Consistency is a hallmark of greatness. And perhaps no one has been more consistently excellent when it comes to hitting than Ichiro.
Strictly a singles hitter, he helped show how a simple base hit can often be much more important than a home run. This machine-like consistency has allowed him to collect more than 200 hits in each of his first 10 seasons, including an MLB-record 262 hits in 2004. In fact, as a part-time player last season, at 42, when most players are well past retirement, Ichiro hit .291 with 91 hits. You can look it up.
Rose was a very fine hitter; perhaps a flawed human being, but still, a great player.
Ichiro is both a great person and an amazing hitter. He is funny, polite, reportedly a great teammate and is willing to chat with reporters. Nice, humble and as you now see, he can hit better than, well, anyone.
Unfortunately, Ichiro didn’t get to play on Monday. If he had played, and gotten the game-winning hit, it would have been a great end to this story.

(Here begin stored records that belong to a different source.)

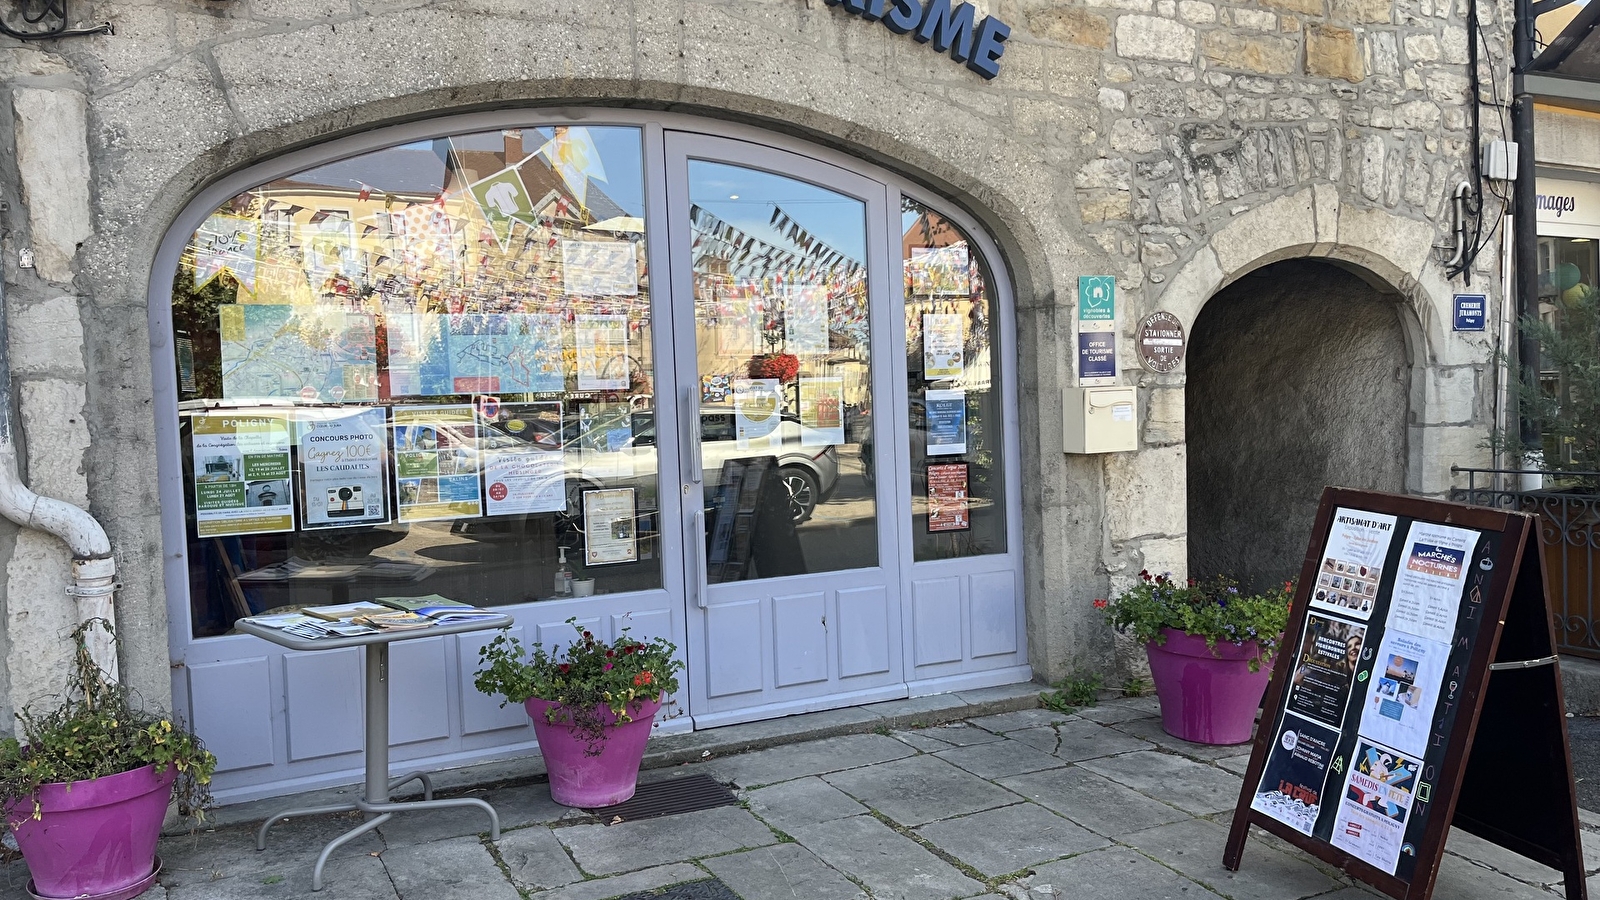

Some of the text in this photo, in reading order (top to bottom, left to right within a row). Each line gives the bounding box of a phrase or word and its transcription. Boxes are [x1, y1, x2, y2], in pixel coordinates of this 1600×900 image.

[1145, 329, 1182, 338] STATIONNER
[1088, 354, 1107, 362] CLASSÉ
[1147, 356, 1180, 371] VOITURES
[222, 418, 274, 428] POLIGNY
[310, 434, 374, 444] CONCOURS PHOTO
[308, 446, 345, 463] Gagnez
[346, 444, 373, 458] 100€
[1337, 515, 1392, 532] ARTISANAT D'ART
[1418, 551, 1456, 564] MARCHÉS
[1412, 559, 1458, 573] NOCTURNES
[1318, 635, 1346, 648] RENCONTRES
[1396, 637, 1414, 646] Balades
[1315, 642, 1346, 655] VIGNERONNES
[1317, 650, 1340, 660] ESTIVALES
[1410, 646, 1426, 654] Poligny
[1350, 774, 1379, 792] SAMEDIS
[1378, 785, 1388, 796] EN

Instead, the Nationals won the game 4-2. Another emerging star, Bryce Harper, hit a huge home run.
Ichiro never got into the game.
Still, I now realize I spent much of the game Monday watching Ichiro, not Harper. I strained my neck to catch a glimpse of Ichiro on the dugout steps. As with the other greats, my heart skipped a beat whenever he walked past my seat.

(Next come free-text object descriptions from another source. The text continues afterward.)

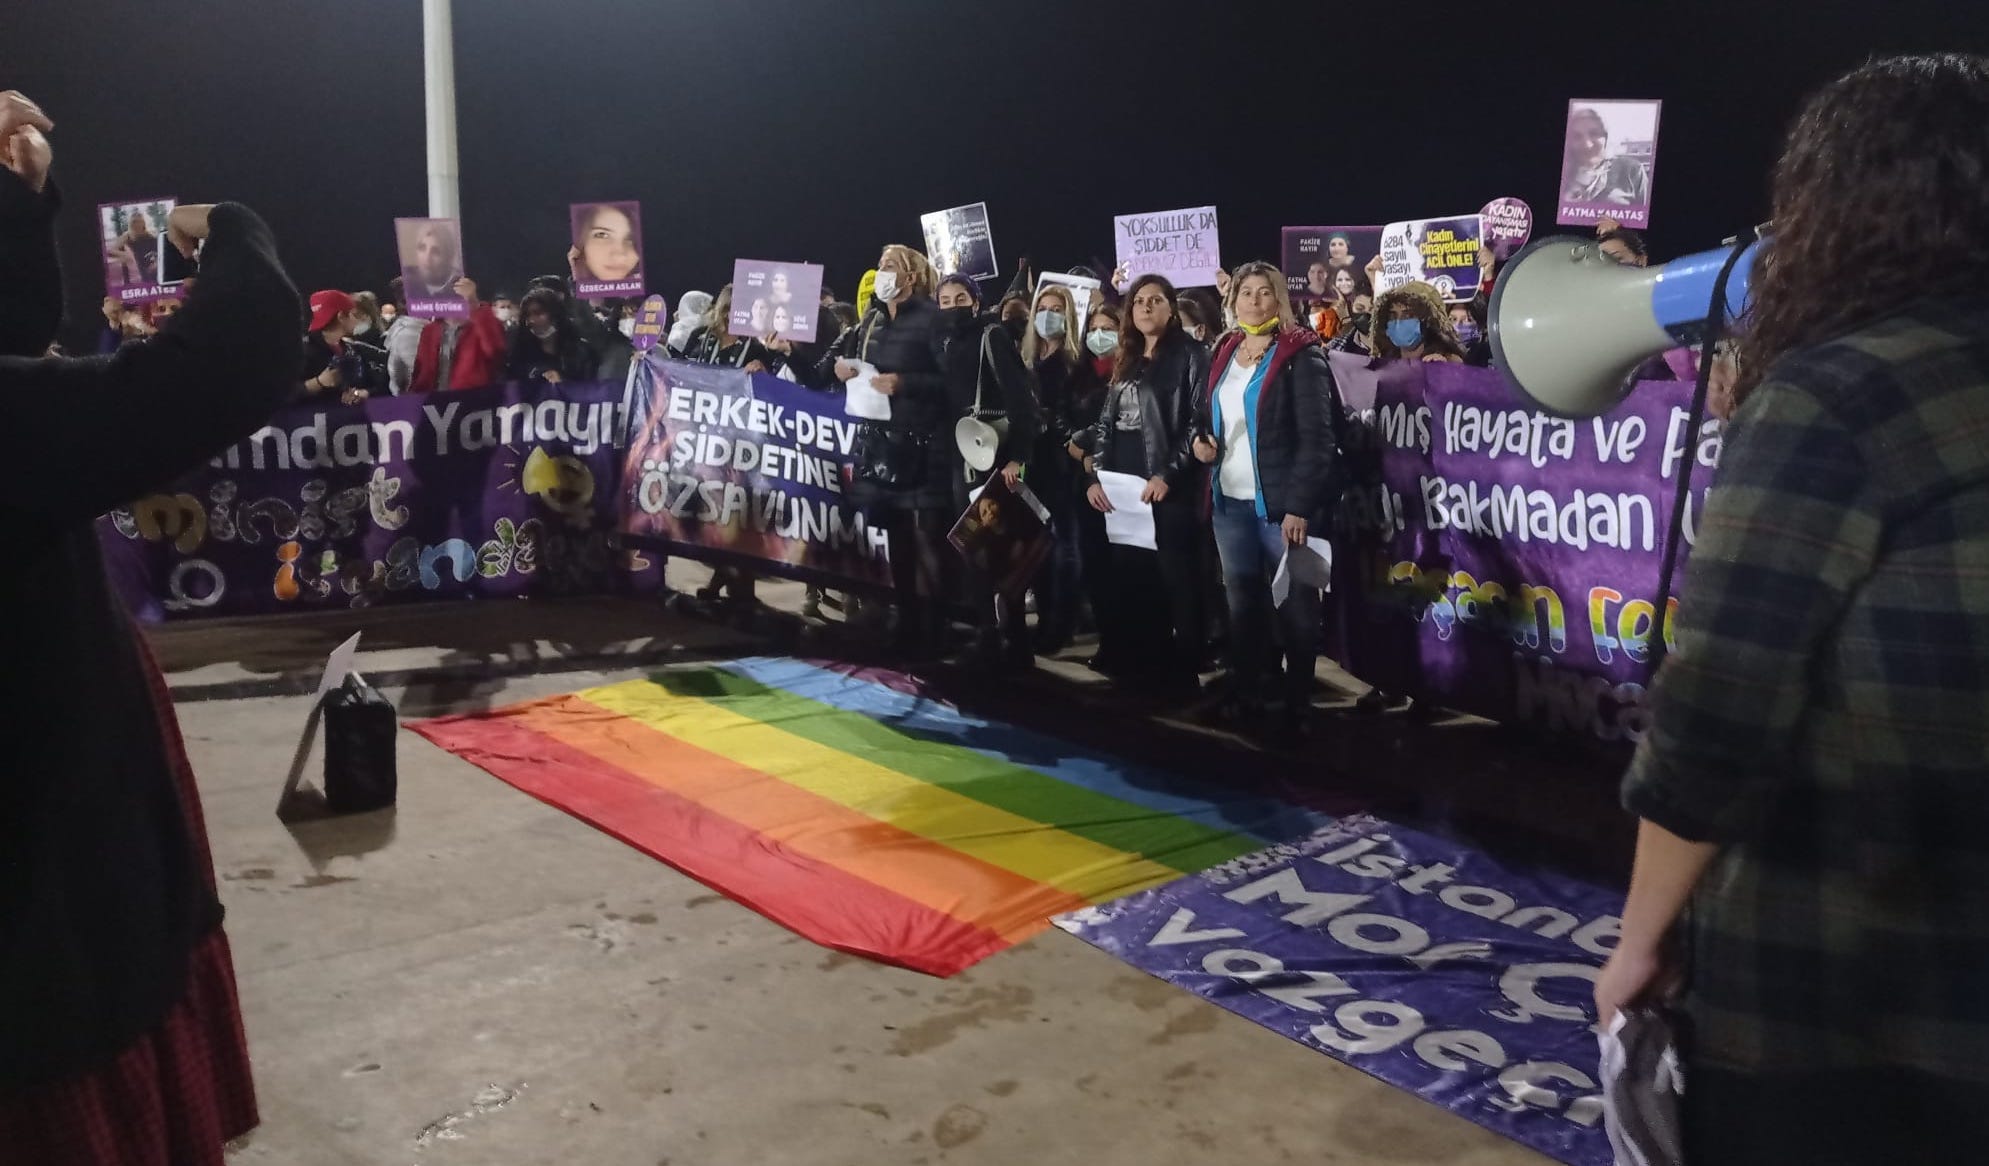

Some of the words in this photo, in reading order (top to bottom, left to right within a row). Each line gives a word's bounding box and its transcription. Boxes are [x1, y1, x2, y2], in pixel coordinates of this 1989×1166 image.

[1199, 212, 1217, 230] DA
[1427, 229, 1453, 242] Kadın
[1488, 202, 1527, 219] KADIN
[1562, 206, 1596, 218] FATMA
[668, 386, 857, 457] ERKEK-DEV
[1444, 400, 1576, 469] Hayata
[1592, 415, 1648, 463] ve
[672, 422, 842, 495] ŞİDDETİNE
[1222, 867, 1492, 970] Mor
[1146, 906, 1603, 1128] Vazgeç
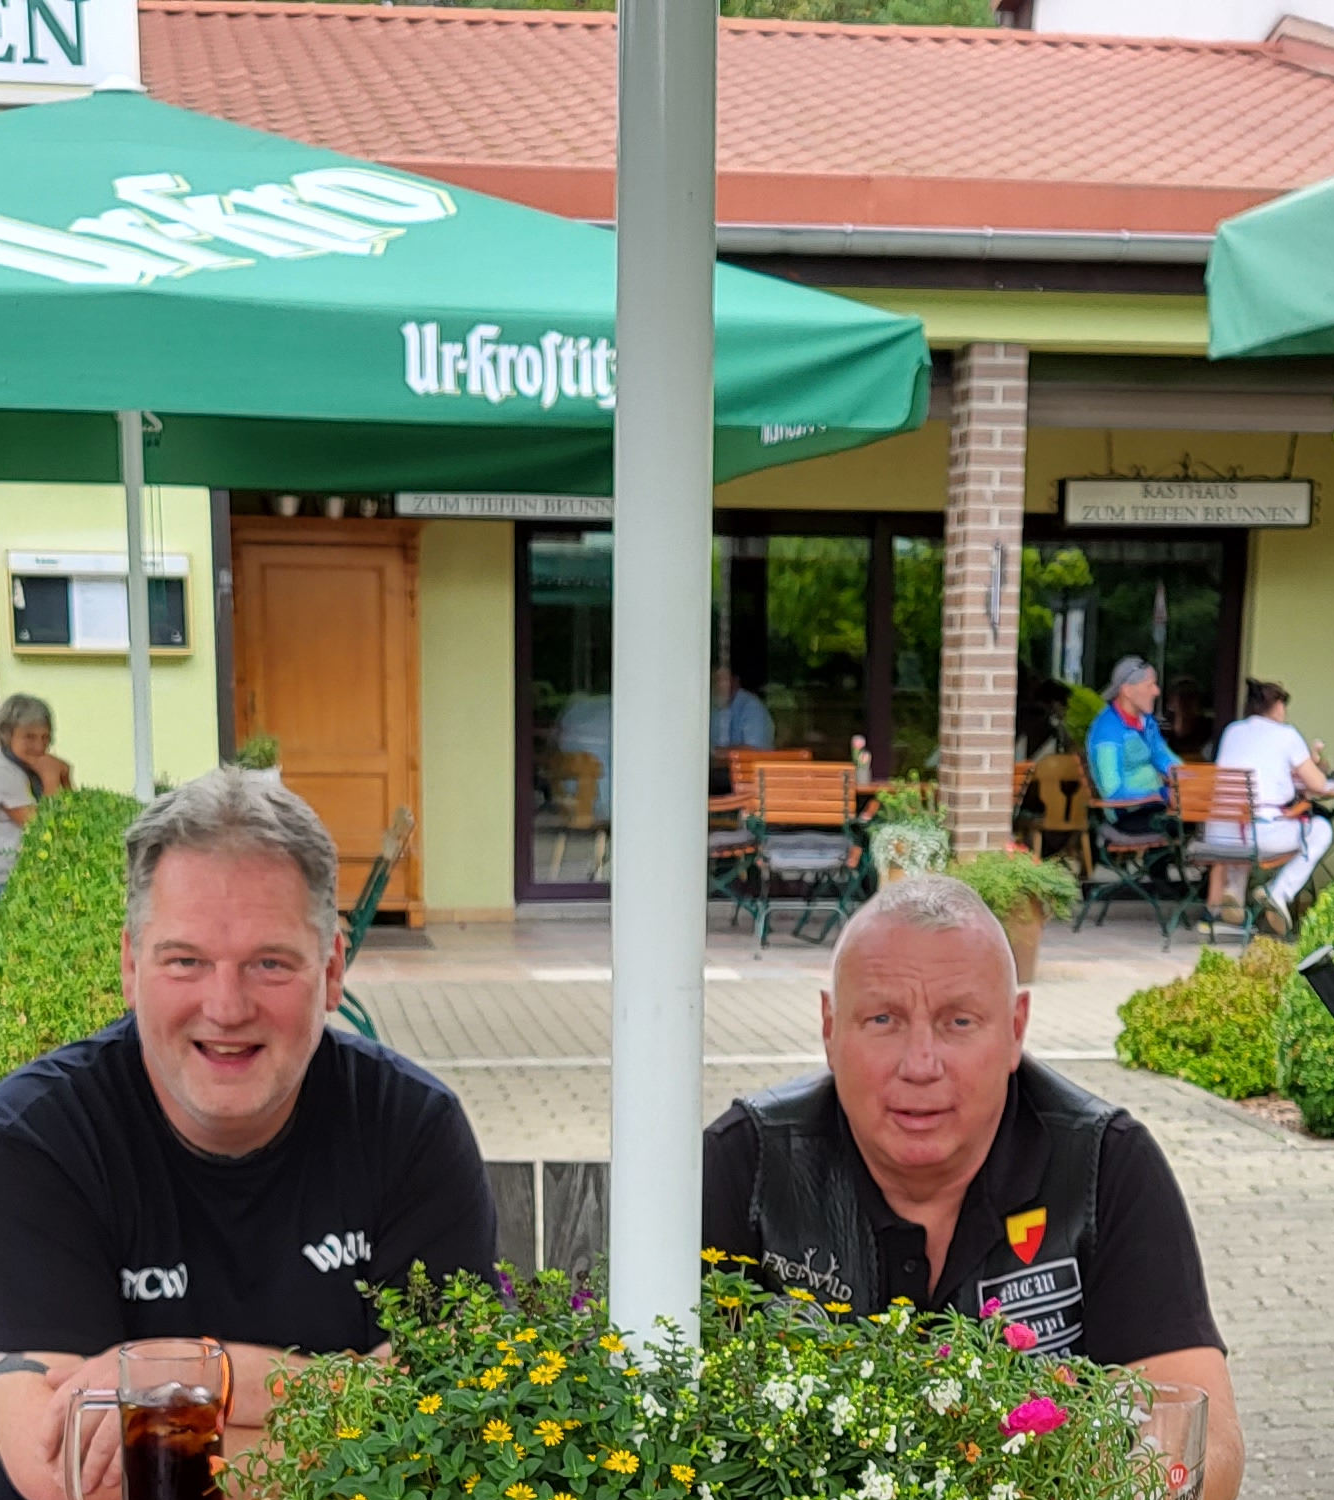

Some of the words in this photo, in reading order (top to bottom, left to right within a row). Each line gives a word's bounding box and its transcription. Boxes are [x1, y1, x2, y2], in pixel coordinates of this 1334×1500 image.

[400, 321, 616, 411] Ur-Krostit
[413, 496, 461, 513] ZUM
[543, 499, 615, 516] BRUNN
[1081, 505, 1125, 521] ZUM
[1131, 505, 1198, 522] TIEFEN
[1203, 506, 1297, 523] BRUNNEN

Harper, the sports writers tell us, is much more in the vein of Mantle than DiMaggio or Ichiro. When all is said and done, 20 years from now, we shall see how Harper stacked up against the other players mentioned here.

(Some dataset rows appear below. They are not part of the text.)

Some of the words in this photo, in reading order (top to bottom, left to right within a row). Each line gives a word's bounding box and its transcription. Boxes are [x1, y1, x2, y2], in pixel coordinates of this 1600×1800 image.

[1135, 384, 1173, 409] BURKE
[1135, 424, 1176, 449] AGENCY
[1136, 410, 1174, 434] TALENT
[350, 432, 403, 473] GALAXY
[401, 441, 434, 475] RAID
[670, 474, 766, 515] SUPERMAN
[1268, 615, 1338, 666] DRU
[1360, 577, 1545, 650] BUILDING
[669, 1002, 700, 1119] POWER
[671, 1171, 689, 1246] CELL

Will Harper have a greater career than DiMaggio? Will he hit more home runs than Mantle? Will he have more hits than Ichiro?
It is worth mentioning that in all five of his appearances on Opening Day in his young career -- Harper has slammed a home run. None of the others mentioned in this story ever did that in their first five years. In fact, at age 25, no player in baseball history has hit more home runs than Bryce Harper.
We shall see.
Meanwhile, as much as I enjoy watching Harper play, my pulse doesn’t race when I see him. My hand doesn’t tremble, and my mind doesn’t wander to days of yesteryear.
Harper is good. Very good. Maybe, someday, even great.
But the little boy in me doesn’t feel the excitement when I see Bryce Harper. Not like it did with The Yankee Clipper, The Mick, or the Amazing Ichiro.
And I doubt it ever will.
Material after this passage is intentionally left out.